= Australian Pipeline Industry Association =

The Australian Pipelines and Gas Association (APGA) is an Australian industry association representing Australia's high-pressure transmission pipeline sector, with a principal focus on long-distance oil and gas transmission, but also including transportation of other products such as water, slurry and carbon dioxide.

==History==
In 1968 APIA began as a construction contractors’ association, providing networking opportunities for the pipeline construction industry. The association expanded its interests over the years and, with the privatisation of Australia's transmission assets and the winding back of the Australian Gas Association in the late 1990s, APGA increased its government relations role, establishing its headquarters in the nation's capital, Canberra, in 1999.

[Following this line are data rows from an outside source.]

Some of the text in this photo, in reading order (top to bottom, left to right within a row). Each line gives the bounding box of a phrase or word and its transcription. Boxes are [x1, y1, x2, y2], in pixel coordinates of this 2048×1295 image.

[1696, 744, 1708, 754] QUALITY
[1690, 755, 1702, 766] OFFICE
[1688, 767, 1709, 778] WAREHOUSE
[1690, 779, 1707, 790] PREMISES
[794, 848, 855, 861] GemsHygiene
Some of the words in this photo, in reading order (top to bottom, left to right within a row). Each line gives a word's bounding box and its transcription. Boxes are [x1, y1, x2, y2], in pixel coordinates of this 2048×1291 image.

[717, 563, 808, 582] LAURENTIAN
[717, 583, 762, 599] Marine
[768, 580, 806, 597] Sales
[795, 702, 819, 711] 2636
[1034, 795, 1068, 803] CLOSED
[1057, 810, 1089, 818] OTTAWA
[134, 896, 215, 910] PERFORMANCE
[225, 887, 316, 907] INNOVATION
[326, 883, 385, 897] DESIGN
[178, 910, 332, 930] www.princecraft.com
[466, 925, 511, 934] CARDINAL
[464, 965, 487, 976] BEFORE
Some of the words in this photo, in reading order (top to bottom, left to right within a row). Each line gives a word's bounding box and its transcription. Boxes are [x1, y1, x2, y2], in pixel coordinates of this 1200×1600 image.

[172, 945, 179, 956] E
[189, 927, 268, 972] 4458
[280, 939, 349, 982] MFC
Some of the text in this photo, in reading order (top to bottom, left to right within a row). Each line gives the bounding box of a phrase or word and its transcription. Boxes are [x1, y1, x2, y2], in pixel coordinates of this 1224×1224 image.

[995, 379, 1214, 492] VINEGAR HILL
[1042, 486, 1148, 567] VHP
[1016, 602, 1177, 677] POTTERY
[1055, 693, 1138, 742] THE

The association was formerly known as the Australian Pipeline Industry Association (APIA) and changed the name to APGA in March 2015.

==Membership==
The association has over 400 member companies, covering a range of interests relevant to the transmission pipeline sector including contractors, owners, operators, advisers, engineering companies and suppliers of pipeline products and services.

APGA members build, own and operate over 33,000 kilometres of high pressure, steel pipeline in Australia, including 25,000 km of pipeline dedicated to gas transmission.

==Owner Members==
The "Owner Members" of APGA consist of all the gas transmission pipeline companies of Australia, which are:

1. APA

2. AGIG

3. Epic Energy

4. Jemena

5. SEA Gas

6. Tasmanian Gas Pipeline (TGP)

==Lead Members==
The "Lead Members" of APGA are active in the association's activities and consist of:

1. AGL

2. Esso

3. McConnell Dowell

4. MPC Kinetic

5. Nacap

6. OSD Pipelines

7. QGC

8. Shell Australia

9. Solar Turbines

10. Spie Capag

11. Worley

==Corporate Members==
The corporate members represent all aspects of the pipeline industry.